Jesus ‘n’ Mo ‘n’ Abe

This week’s Jesus and Mo strip, called “dodgy,” highlights one of the immoral acts of God from the Old Testament. Curiously, Mo (Moses) first characterizes Abraham’s actions as “dodgy”, but then praises him.

 

38 Comments

  1. glen1davidson
    Posted March 28, 2018 at 11:20 am | Permalink

    If you can’t believe the voices in your own head, who can you trust?

    Glen Davidson

    • W.T. Effingham
      Posted March 28, 2018 at 11:32 am | Permalink

      Particularly when they shout in unison.

      • Doug
        Posted March 28, 2018 at 1:58 pm | Permalink

        “You’re jealous because the voices don’t talk to you.”
        –a t-shirt I once saw

        • busterggi
          Posted March 28, 2018 at 2:19 pm | Permalink

          The voices in my head are laughing at the voices in your head.

  2. busterggi
    Posted March 28, 2018 at 11:27 am | Permalink

    Wonder if the voice in Abraham’s head who told him to sacrifice his son really was the same voice that later told him not to?

    • grasshopper
      Posted March 28, 2018 at 2:18 pm | Permalink

      Great point!

  3. eheffa
    Posted March 28, 2018 at 11:38 am | Permalink

    I can’t remember how many sermons I heard over the years extolling Abraham for his great faith… at no time did anyone I know really point out what a horrific story it is.

    If the Neighbour reported this as his experience we would have all been convinced he was a deranged criminal.

    Somehow, amongst the faithful, the Bible gets a free pass on the most deplorable ideas.

    • yazikus
      Posted March 28, 2018 at 11:50 am | Permalink

      Seth Andrews did a great retelling of this tale.

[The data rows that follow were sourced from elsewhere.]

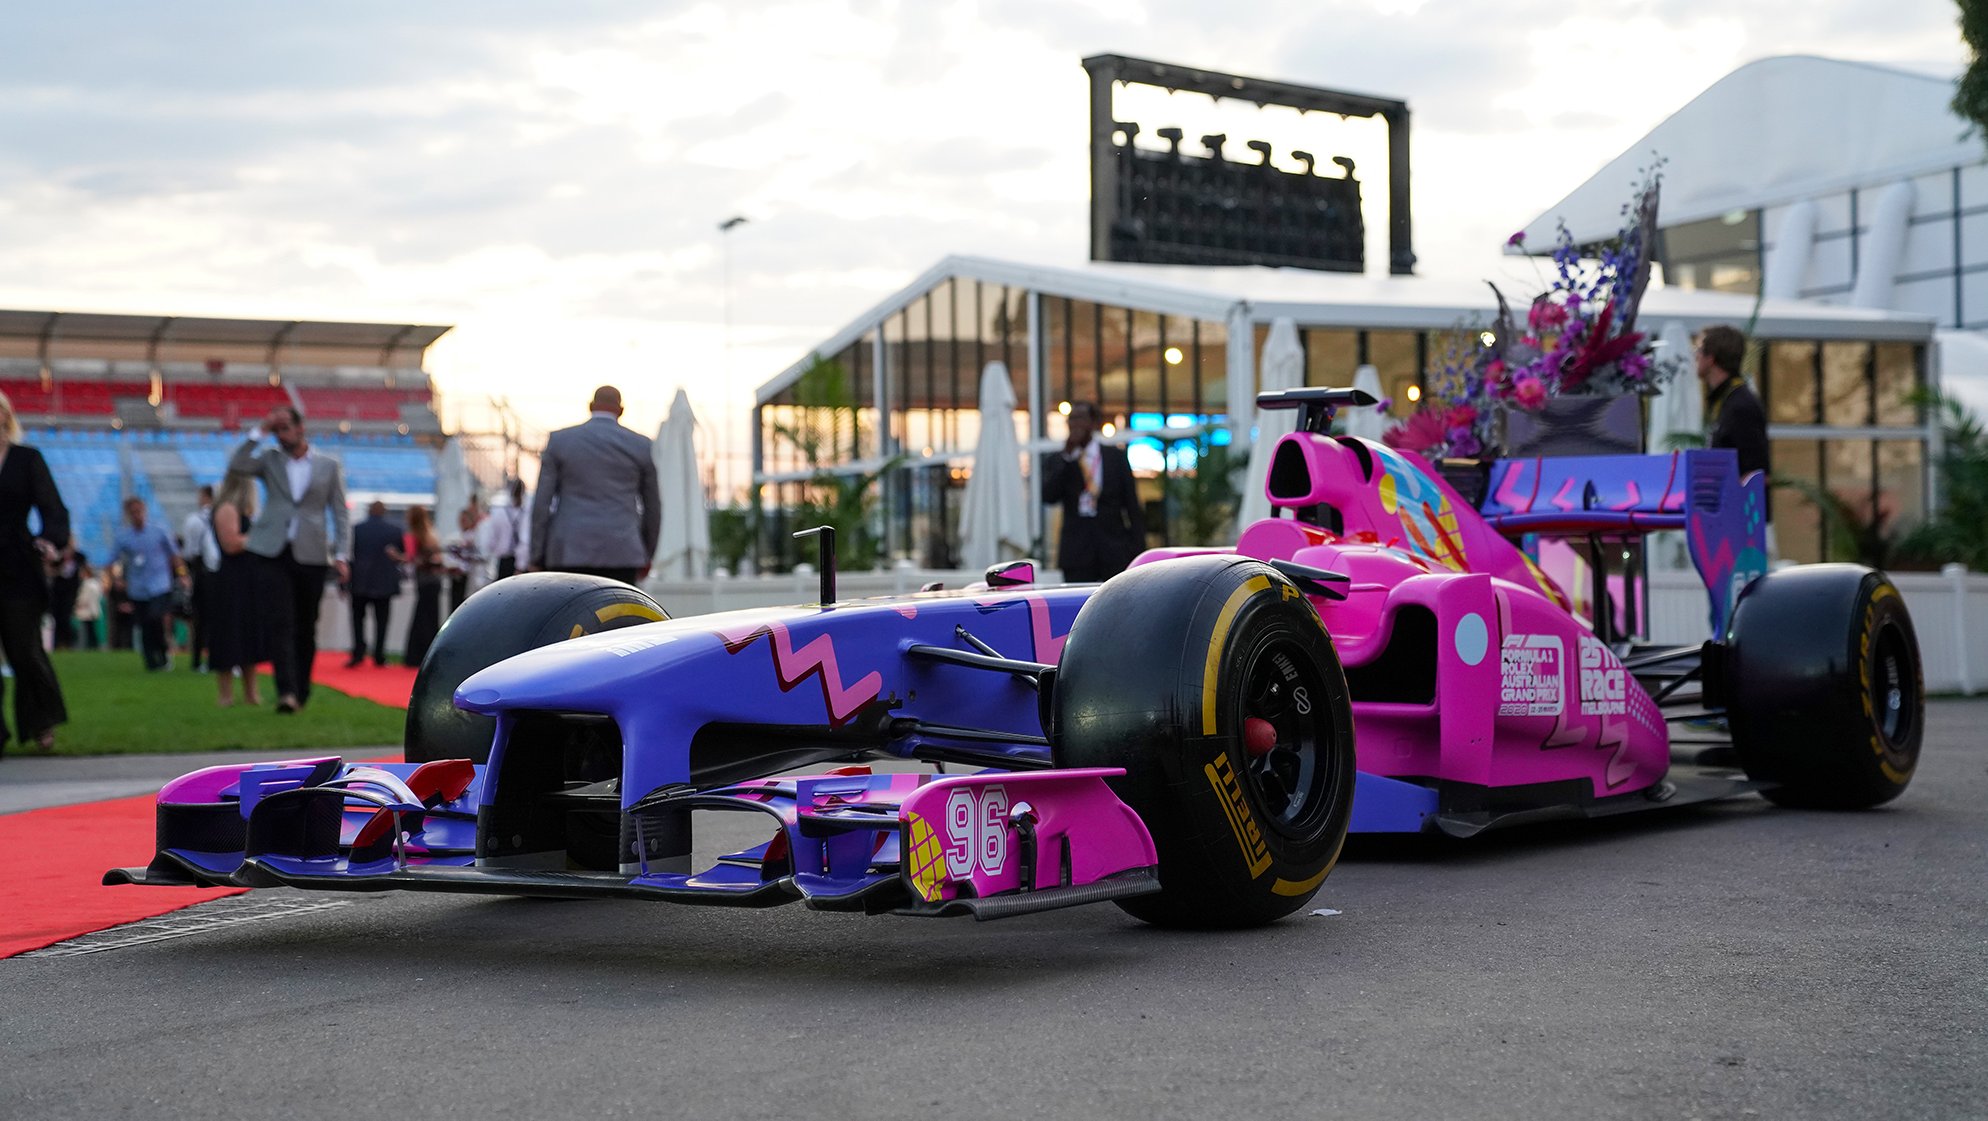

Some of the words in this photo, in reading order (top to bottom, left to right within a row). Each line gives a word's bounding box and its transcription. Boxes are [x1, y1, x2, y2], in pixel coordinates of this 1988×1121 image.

[1501, 649, 1547, 663] FORMULA
[1548, 649, 1554, 663] 1
[1272, 652, 1299, 682] ENKEI
[1501, 662, 1533, 676] ROLEX
[1501, 675, 1559, 689] AUSTRALIAN
[1501, 688, 1536, 702] GRAND
[1536, 688, 1557, 702] PRIX
[1499, 704, 1529, 715] 2020
[1204, 751, 1273, 880] PIRELLI
[946, 784, 1008, 881] 96

It is horrific at best.

    • Sastra
      Posted March 29, 2018 at 7:11 am | Permalink

      In the story, you can consider Abraham’s actions in light of the known fact that it really WAS God speaking to Abraham. In real life, we can’t have this certain knowledge.

      Unless, of course, you’re creating a narrative inside your head and living it out in real life, playing God concerning God. Which is what religious faith encourages.

  4. Randall Schenck
    Posted March 28, 2018 at 11:49 am | Permalink

    Such a great trick for all future g*ds to follow. Put the fear of me in them. Or is this just Trump style?

  5. JonLynnHarvey
    Posted March 28, 2018 at 11:49 am | Permalink

    Aside from being morally questionable, the Abraham story is simply one of the most enigmatic and cryptic stories in the Old Testament, since it’s just hard to figure out what the writer was thinking. Various attempts to defend it (the most notable being the philosopher Kierkegaard) all fail.

    A modest saving grace of Judaism is a tremendous freedom to question and/or radically re-interpret these stories, and I have a sneaking fondness for Jewish philosopher Martin Buber’s suggestion that perhaps this was really the voice of the devil. (Elsewhere Buber renders a more traditional reading which I am not familiar with.)

    This story and the equally troubling story of Noah actually co-exist in the same book (Genesis) as the delightful story of Joseph and his brothers, one of the most genuinely delightful of Biblical stories (and the source of Thomas Mann’s 4-volume “Joseph in Egypt” which is almost as long as “Lord of the Rings”.) Also, that entire section of the Bible (Genesis 37 to the end) is remarkably sparse on mentions of God, though not as wholly absent as in the Books of Esther and the Song of Solomon.

    Finally, (if needed) a tell-tale clue that the story is false is Abraham’s usage of a camel as a beast of burden centuries before they actually became widely used as such.

  6. Charles Minus
    Posted March 28, 2018 at 12:08 pm | Permalink

    No one knows the source of these bible stories of course, most probably the arose slowly from ancient myths. One interpretation of the Abraham story is that infant/child sacrifice was common in ancient Canaan (there is archeological evidence), and the story is about the change to animal sacrifice (abraham goes on to kill a ram instead of his son).

  7. Heather Hastie
    Posted March 28, 2018 at 12:27 pm | Permalink

    This is the story that had me questioning religion from as early as I remember (c. 3 yo). I remember my grandmother (a church elder and Sunday School teacher) reading us (my siblings and cousins) the story and telling us it was a sign of God’s love that Abraham didn’t have to kill Isaac. I never understood that. I puzzled over it constantly.

    Then one day a couple of years later at Sunday School back home (different religion) we were told we were going to have that story, which would show us how God loves us. I was so excited – I thought I was finally going to get my questions answered. But I just got the same thing I’d got from my grandmother.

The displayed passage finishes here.